By Kevin Cleveland
Young, Cohen & Durrett
Real Estate Agents are exempt from the recent changes to the Independent Contractor Test which was created by AB5 and the Dynamex decision. Since they fall under an exception, they are subject to the old Borello Test, which at its core evaluates how much control an employer reserves the right to exert over an independent contractor/employee when determining status.
However, pursuant to California B&P Code §10032, a real estate salesperson may be classified as an independent contractor ONLY IF ALL three of the following conditions from UIC §650 are met:
They possess a real estate license; AND
They perform their services pursuant to a written contract that identifies that they will not be treated as an employee for tax purposes; AND
They derive substantially all of their compensation for services performed as a real estate agent rather than the number of hours worked.
Bararsani v. Coldwell Banker (2013) establishes that B&P §10032 gives deference to real estate professionals being treated as independent contractors but does not require that people are independent contractors if the above three requirements are met (aka if you meet the three requirements it does not automatically make you an independent contractor, instead we look to the “Right to Control” test from Borello).

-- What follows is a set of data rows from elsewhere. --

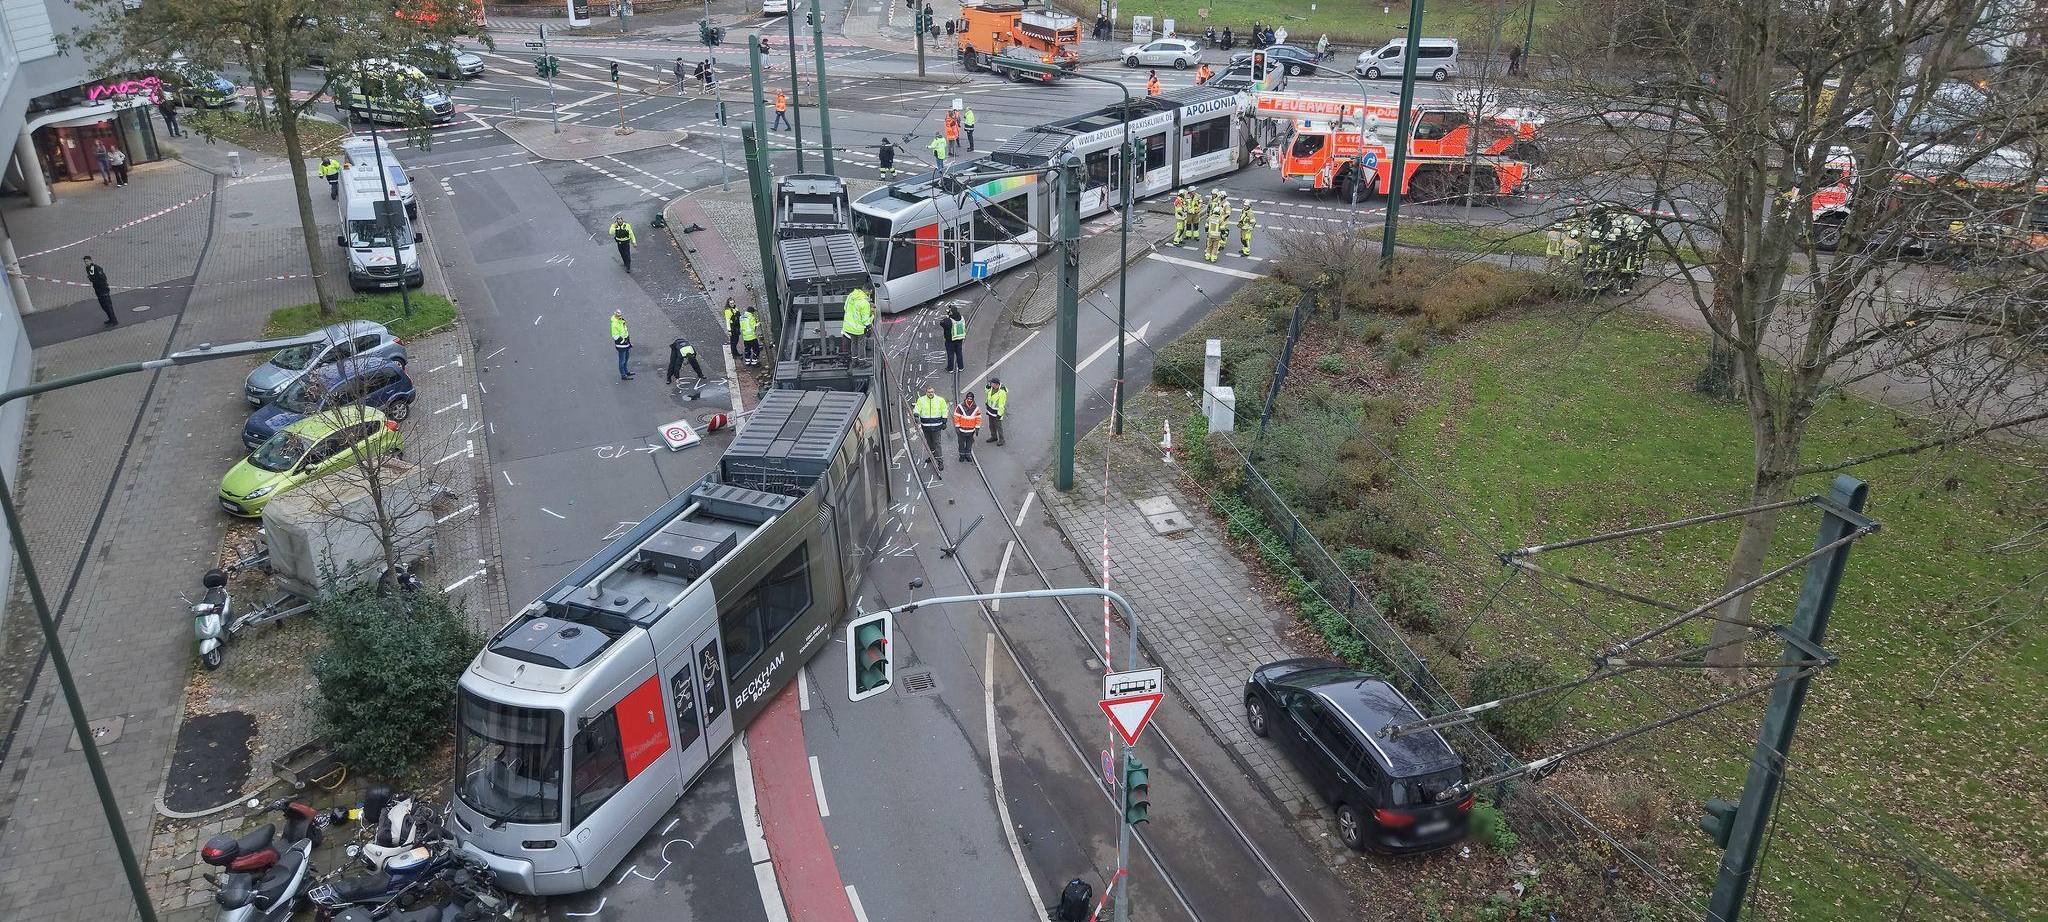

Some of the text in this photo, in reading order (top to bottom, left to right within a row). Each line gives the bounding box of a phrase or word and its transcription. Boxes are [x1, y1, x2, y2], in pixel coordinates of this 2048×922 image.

[1185, 96, 1237, 118] APOLLONIA
[1274, 98, 1351, 116] FEUERWEHR
[670, 429, 683, 440] 30
[593, 445, 630, 459] 12
[735, 651, 785, 709] BECKHAM
[752, 678, 771, 702] BOSS

So in short, to be an independent contractor a real estate salesperson must meet all three of the conditions under California B&P Code §10032 and the relationship with the company which hired them must be the sort of hands-off relationship expected under the “Right to Control” test from Borello. If all of those criteria are not present then the real estate salesperson is an employee of the hiring entity and the Labor Commissioner would have jurisdictions regarding any claims for unpaid wages or other compensation, including unpaid commissions.